As of Monday morning a new and very aggressive email worm began infecting thousands of end-users and has caught the attention of many IT organizations. The new virus which currently is being dubbed either Novarg or MyDoom arrives as an attachment in an email from a randomized sender with various subject titles.
The worm is actually a variant on the Mimail virus, but has the distinction of being directed at the SCO Group. The infected machine is planted with an instruction to attack the SCO Groupâs web server on Feb 1.
The body of the email may contain a statement such as “The message cannot be represented in 7-bit ASCII and has been sent as a binary attachment.” The file attachment is often in Zip archive format and may pose as a variety of file extensions including .exe, .pif, or .scr. It is further veiled by presenting itself as a Windows icon similar to the text message symbol.
The worm is built in a sophisticated and encrypted format. It has the capability of copying itself into the registry in Windows and will execute at start-up. It also opens a port on the infected system (3127) and continually polls a remote host for instructions.

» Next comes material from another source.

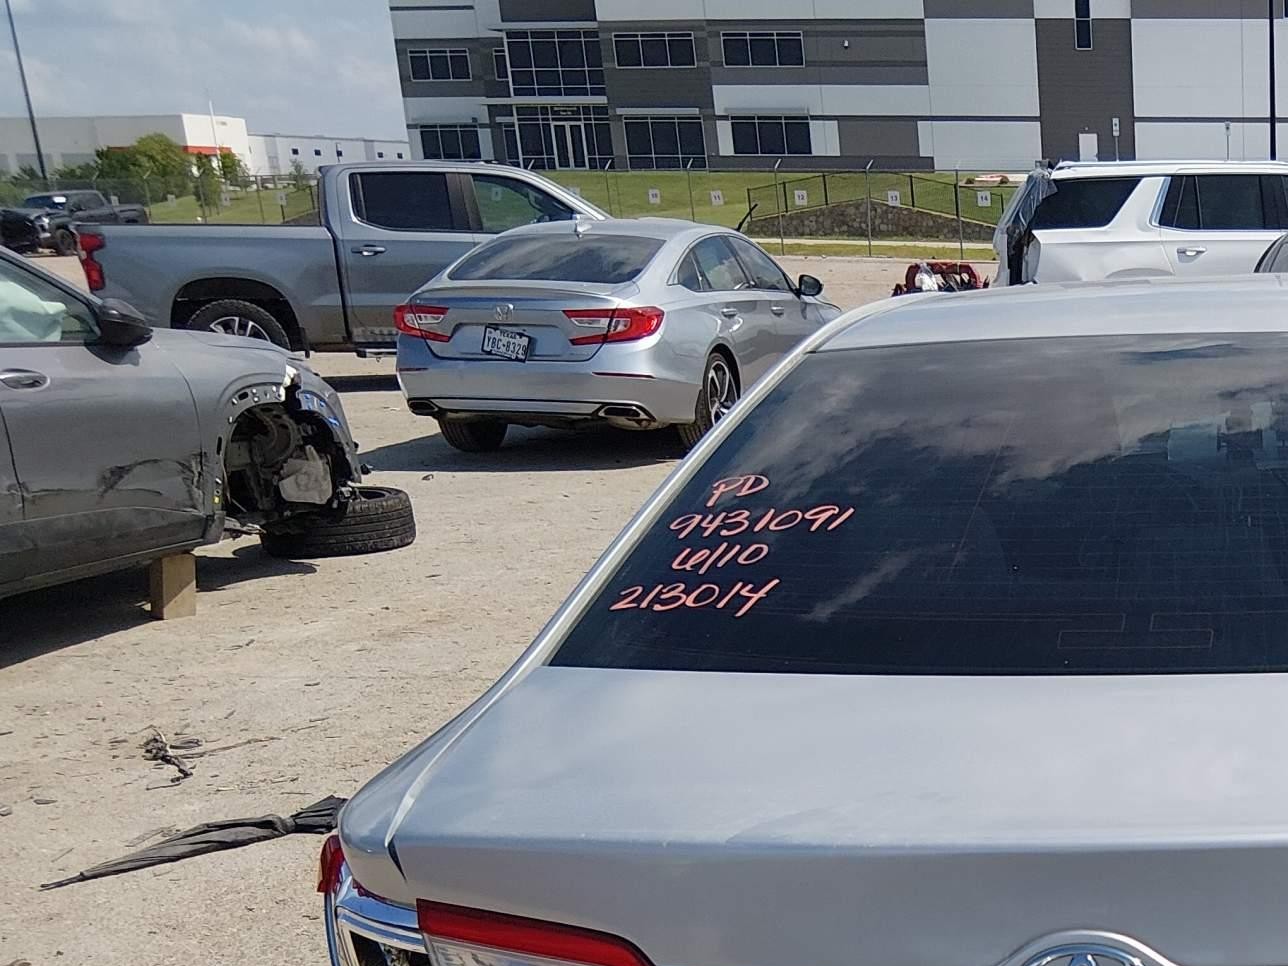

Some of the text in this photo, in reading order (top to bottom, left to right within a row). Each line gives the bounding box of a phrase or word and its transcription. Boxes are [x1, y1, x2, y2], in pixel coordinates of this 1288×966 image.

[707, 474, 770, 507] PD
[669, 505, 855, 539] 9431091
[609, 578, 780, 617] 213014

The virus also copies itself to the Kazaa download directory on PCs, on which the file-sharing program is loaded. The virus camouflages itself, using one of seven file names, including Winamp5, RootkitXP, Officecrack and Nuke2004. Variations in the body text include: “The message cannot be represented in 7-bit ASCII encoding and has been sent as a binary attachment.”
Initial estimates on the virus indicate that it could be far more serious than the SoBig.F virus that attacked millions of users last August.